◆ **What to work on**
Output all of the data verbatim.
Start of Data records
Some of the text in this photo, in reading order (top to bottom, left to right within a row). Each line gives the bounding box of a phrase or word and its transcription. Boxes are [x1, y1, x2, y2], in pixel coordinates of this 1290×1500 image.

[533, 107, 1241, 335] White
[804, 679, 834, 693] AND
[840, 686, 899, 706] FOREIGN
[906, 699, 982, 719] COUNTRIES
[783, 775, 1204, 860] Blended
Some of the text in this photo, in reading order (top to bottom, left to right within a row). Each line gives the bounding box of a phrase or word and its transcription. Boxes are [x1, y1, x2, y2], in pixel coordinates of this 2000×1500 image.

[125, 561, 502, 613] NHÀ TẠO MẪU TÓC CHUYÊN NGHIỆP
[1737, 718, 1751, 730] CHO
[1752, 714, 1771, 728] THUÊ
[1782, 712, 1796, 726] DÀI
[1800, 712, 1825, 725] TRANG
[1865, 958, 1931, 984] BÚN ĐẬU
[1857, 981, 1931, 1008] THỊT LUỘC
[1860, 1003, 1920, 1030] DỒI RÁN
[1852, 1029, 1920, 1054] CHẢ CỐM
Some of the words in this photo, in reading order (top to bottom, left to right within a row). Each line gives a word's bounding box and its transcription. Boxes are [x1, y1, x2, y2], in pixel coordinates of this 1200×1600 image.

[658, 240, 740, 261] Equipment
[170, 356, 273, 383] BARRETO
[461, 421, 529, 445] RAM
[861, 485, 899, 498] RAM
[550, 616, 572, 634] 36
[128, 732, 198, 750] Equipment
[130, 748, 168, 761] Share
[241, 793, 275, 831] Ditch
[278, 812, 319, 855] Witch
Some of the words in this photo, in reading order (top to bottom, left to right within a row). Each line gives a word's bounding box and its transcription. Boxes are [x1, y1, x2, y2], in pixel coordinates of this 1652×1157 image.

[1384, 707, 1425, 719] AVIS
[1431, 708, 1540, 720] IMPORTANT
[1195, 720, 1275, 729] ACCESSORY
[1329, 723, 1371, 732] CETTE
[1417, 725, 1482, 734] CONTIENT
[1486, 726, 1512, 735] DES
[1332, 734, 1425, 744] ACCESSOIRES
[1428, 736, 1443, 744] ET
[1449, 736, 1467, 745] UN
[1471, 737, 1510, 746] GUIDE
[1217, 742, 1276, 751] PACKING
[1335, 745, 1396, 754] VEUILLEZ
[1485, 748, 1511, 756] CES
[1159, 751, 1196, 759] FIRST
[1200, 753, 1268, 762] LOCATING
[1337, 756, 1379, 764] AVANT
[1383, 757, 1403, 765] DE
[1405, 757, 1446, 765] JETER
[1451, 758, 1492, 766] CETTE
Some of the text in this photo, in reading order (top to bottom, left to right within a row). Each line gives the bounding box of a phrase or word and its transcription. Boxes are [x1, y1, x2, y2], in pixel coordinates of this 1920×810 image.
End of Data records
◆ **Answer section**
Some of the text in this photo, in reading order (top to bottom, left to right within a row). Each line gives the bounding box of a phrase or word and its transcription. Boxes are [x1, y1, x2, y2], in pixel coordinates of this 1290×1500 image.

[533, 107, 1241, 335] White
[804, 679, 834, 693] AND
[840, 686, 899, 706] FOREIGN
[906, 699, 982, 719] COUNTRIES
[783, 775, 1204, 860] Blended
Some of the text in this photo, in reading order (top to bottom, left to right within a row). Each line gives the bounding box of a phrase or word and its transcription. Boxes are [x1, y1, x2, y2], in pixel coordinates of this 2000×1500 image.

[125, 561, 502, 613] NHÀ TẠO MẪU TÓC CHUYÊN NGHIỆP
[1737, 718, 1751, 730] CHO
[1752, 714, 1771, 728] THUÊ
[1782, 712, 1796, 726] DÀI
[1800, 712, 1825, 725] TRANG
[1865, 958, 1931, 984] BÚN ĐẬU
[1857, 981, 1931, 1008] THỊT LUỘC
[1860, 1003, 1920, 1030] DỒI RÁN
[1852, 1029, 1920, 1054] CHẢ CỐM
Some of the words in this photo, in reading order (top to bottom, left to right within a row). Each line gives a word's bounding box and its transcription. Boxes are [x1, y1, x2, y2], in pixel coordinates of this 1200×1600 image.

[658, 240, 740, 261] Equipment
[170, 356, 273, 383] BARRETO
[461, 421, 529, 445] RAM
[861, 485, 899, 498] RAM
[550, 616, 572, 634] 36
[128, 732, 198, 750] Equipment
[130, 748, 168, 761] Share
[241, 793, 275, 831] Ditch
[278, 812, 319, 855] Witch
Some of the words in this photo, in reading order (top to bottom, left to right within a row). Each line gives a word's bounding box and its transcription. Boxes are [x1, y1, x2, y2], in pixel coordinates of this 1652×1157 image.

[1384, 707, 1425, 719] AVIS
[1431, 708, 1540, 720] IMPORTANT
[1195, 720, 1275, 729] ACCESSORY
[1329, 723, 1371, 732] CETTE
[1417, 725, 1482, 734] CONTIENT
[1486, 726, 1512, 735] DES
[1332, 734, 1425, 744] ACCESSOIRES
[1428, 736, 1443, 744] ET
[1449, 736, 1467, 745] UN
[1471, 737, 1510, 746] GUIDE
[1217, 742, 1276, 751] PACKING
[1335, 745, 1396, 754] VEUILLEZ
[1485, 748, 1511, 756] CES
[1159, 751, 1196, 759] FIRST
[1200, 753, 1268, 762] LOCATING
[1337, 756, 1379, 764] AVANT
[1383, 757, 1403, 765] DE
[1405, 757, 1446, 765] JETER
[1451, 758, 1492, 766] CETTE
Some of the text in this photo, in reading order (top to bottom, left to right within a row). Each line gives the bounding box of a phrase or word and its transcription. Boxes are [x1, y1, x2, y2], in pixel coordinates of this 1920×810 image.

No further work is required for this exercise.